Lord Pearson of Rannoch - back in 2001, a Conservative peer, now of course, soon-to-be ex-leader of UKIP - commissioned a series of independent reports into the BBC's coverage of the EU. This work, stretching back to 1999, is very detailed, systematic analysis of a range of BBC programmes, and has found - as readers of this site will know - that the BBC's coverage of the EU seriously under-represents the eurosceptic perspective (to put it mildly).

Mr Liddle recounts how he was persuaded that what the reports said had substance, and he raised this at his weekly meeting with his Democrat-supporting boss. The response? He was told that Lord Pearson and "these people" (behind the report) were "mad".

Adds Mr Liddle:

"Ah, that's the BBC. Desperate to be fair, according to its charter, but never truly fair. its editorial staff are convinced that they are not remotely biased, just rational and civil and decent, and that those who oppose their congenial, educated, middle-class poiint of view are not merely right-wing, but deranged. They will not for a second accept that they are in fact biased at all..."


What Mr Liddle does not say is that when he was editor of Today, he was just as guilty of stonewalling complaints as his colleagues. He met Lord Pearson to discuss the issues raised by the reports about the EU back in 2001. Then, exactly like his boss, he resolutely defended his programme's output and accused Lord Pearson in print of trying to define bias by stopwatch. This was a classic BBC diversionary riposte that conveniently glossed over that the reports were far more than measurement of the time devoted to the eurosceptic perspective. But at least our Roger has at last seen the light.

Peter Hitchens also looks today at BBC bias in the wake of Mark Thompson's remarks this week. Relevant to what Rod Liddle says, he notes the recent admission by BBC reporter Jonathan Charles about the blind new-era excitement he and his colleagues felt when the euro was launched almost a decade ago. Lord Pearson also complained about that, and he backed it up with solid analysis of how biased the coverage had been. Like everything else, the document was pooh-poohed by BBC top brass as xenophobic fanatasy.

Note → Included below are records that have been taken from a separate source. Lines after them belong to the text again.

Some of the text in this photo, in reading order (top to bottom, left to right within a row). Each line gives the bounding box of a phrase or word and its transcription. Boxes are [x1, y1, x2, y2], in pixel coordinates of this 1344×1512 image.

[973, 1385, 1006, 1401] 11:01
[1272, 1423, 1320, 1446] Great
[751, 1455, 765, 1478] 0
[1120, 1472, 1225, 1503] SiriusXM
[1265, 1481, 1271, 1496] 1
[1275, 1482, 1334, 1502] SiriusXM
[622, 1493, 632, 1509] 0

Update: I have been told that one of Rod Liddle's bosses resorted to libelling the author of the Lord Pearson-commissioned EU reports as part of the BBC anything-goes approach to attacking its enemies. The then chief political advisor told Lord Pearson that the report writer was not to be trusted because he had been sacked by the BBC. This was an outright untruth which she was forced to retract following a lawyer's letter.

HORRIBLE HISTORY...

The BBC Thompson unbiased mindset is made up of a complete set of nanny-state values that is based, in turn, on fantasy views of science and human development. One of the central axioms is that life in nature and the past was idyllic. People grew their own food, didn't produce any carbon dioixide, didn't burn nasty fossil fuels and lived in constant orgasmic stasis (or whatever tendy word is in vogue). Anyone who advocates such ideas is instantly elevated to sainthood, or at the very least, front page status on the BBC website. So it is today for this piece of moonshine, carefully crafted by BBC health zealot Jane Elliot. She talks admiringly of a group of behaviour police in Wakefield, West Yorkshire, who are touring schools telling long-suffering youngsters that if they eat like peasants (peasants, note, not the villanous landowners because they crammed themselves with expensive nasties) did in medieval times, they will not get fat and not taint their bodies with vile salt or - shock, horror - food from abroad.

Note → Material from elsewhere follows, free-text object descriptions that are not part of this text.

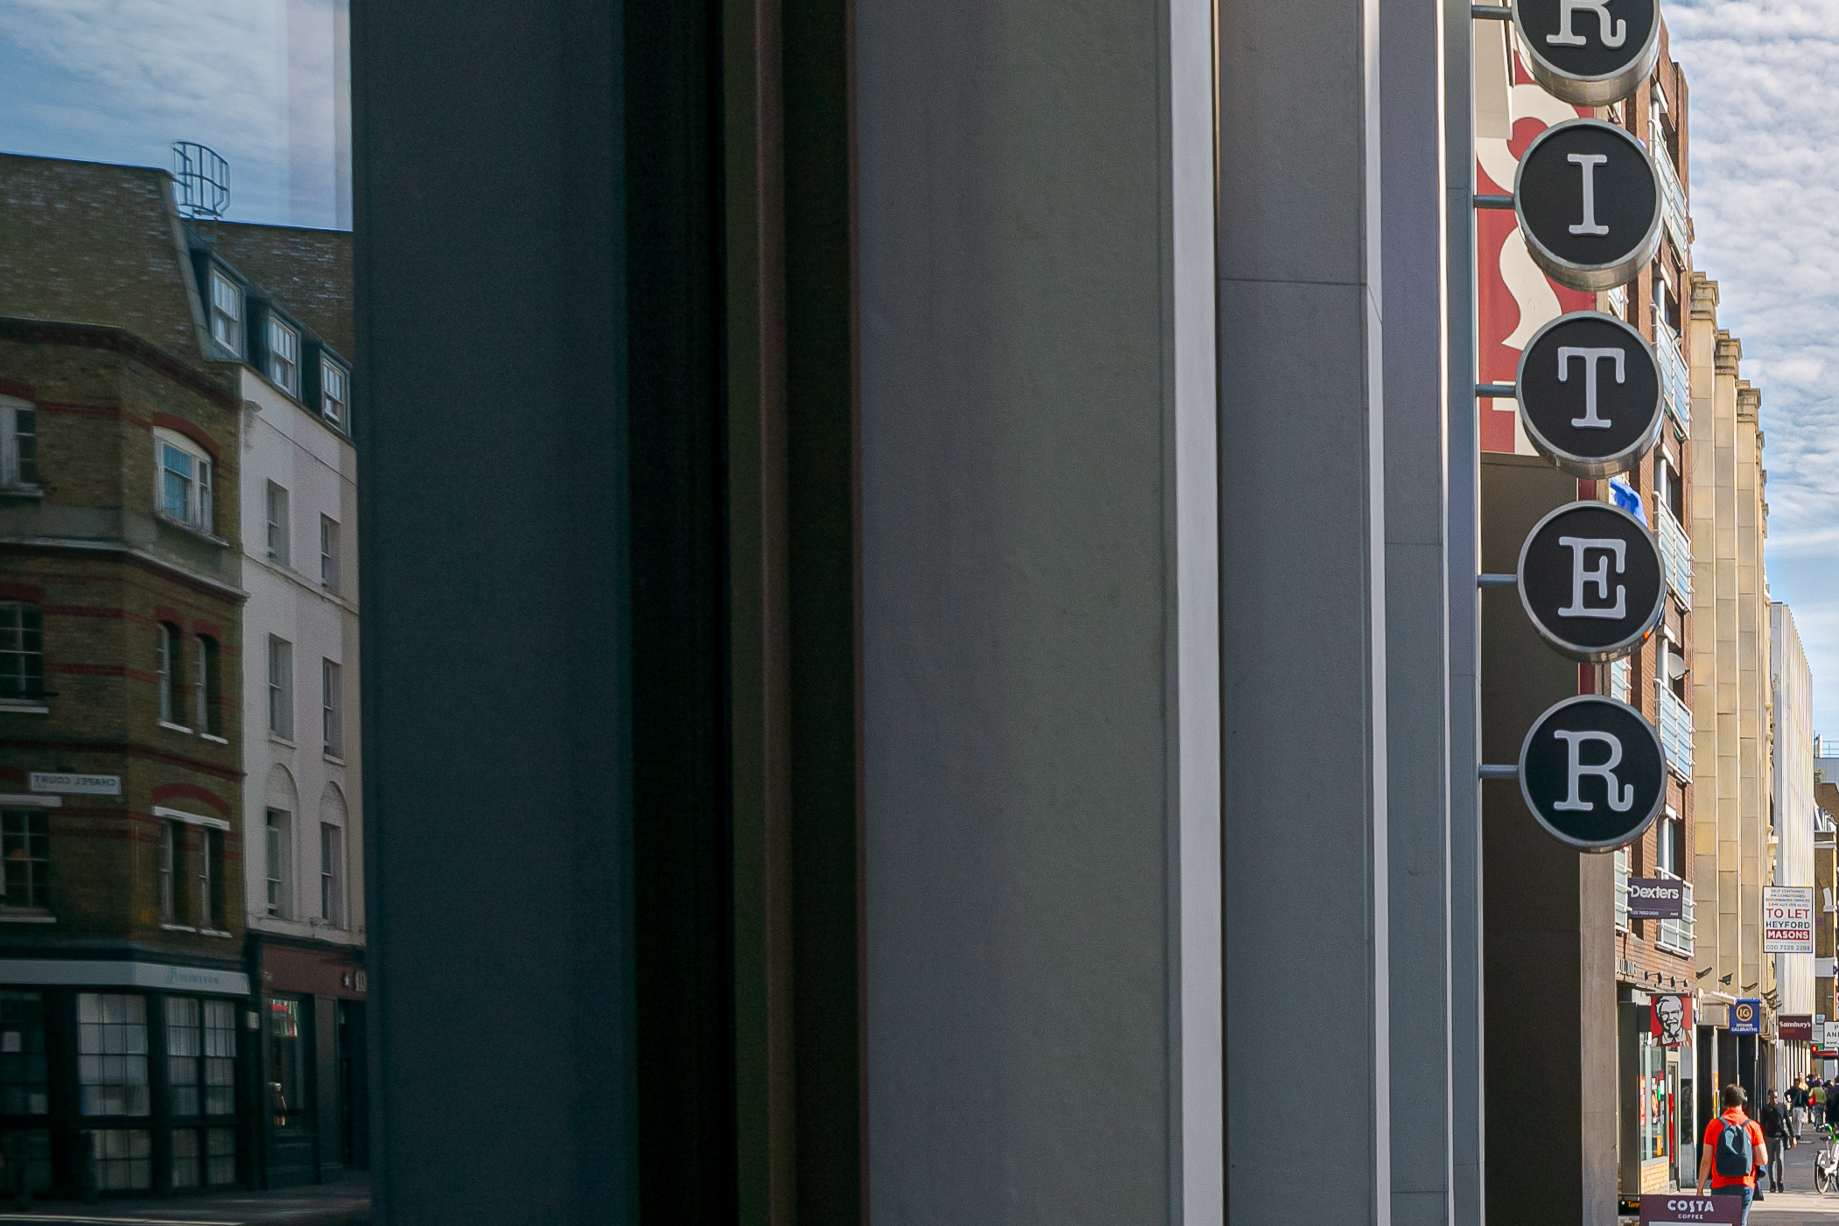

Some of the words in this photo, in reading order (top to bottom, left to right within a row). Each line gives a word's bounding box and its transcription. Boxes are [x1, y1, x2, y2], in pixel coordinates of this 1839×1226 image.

[1630, 884, 1680, 900] Dexters
[1766, 908, 1784, 919] TO
[1787, 908, 1810, 919] LET
[1765, 921, 1811, 929] HEYFORD
[1767, 930, 1809, 939] MASONS
[1667, 1199, 1714, 1213] COSTA

That will be the medieval diet that meant in reality that there was a life expectancy of around 30-35, diseases were rampant and there was a dependence on local food that meant every period of bad weather or low rainfall spelled starvation for our ancestors. Not to mention the back-breaking labour involved. There's an excellent critique of the food problems of the past here; the writer also brilliantly shows how the greenie obsession with localism and organic food is dangerous, self-indulgent nonsense. For the thought police of Mr Thompson's unbiased BBC, of course, the brilliant analysis of Mr Budiansky is heresy against the green creed and will never see the light of day.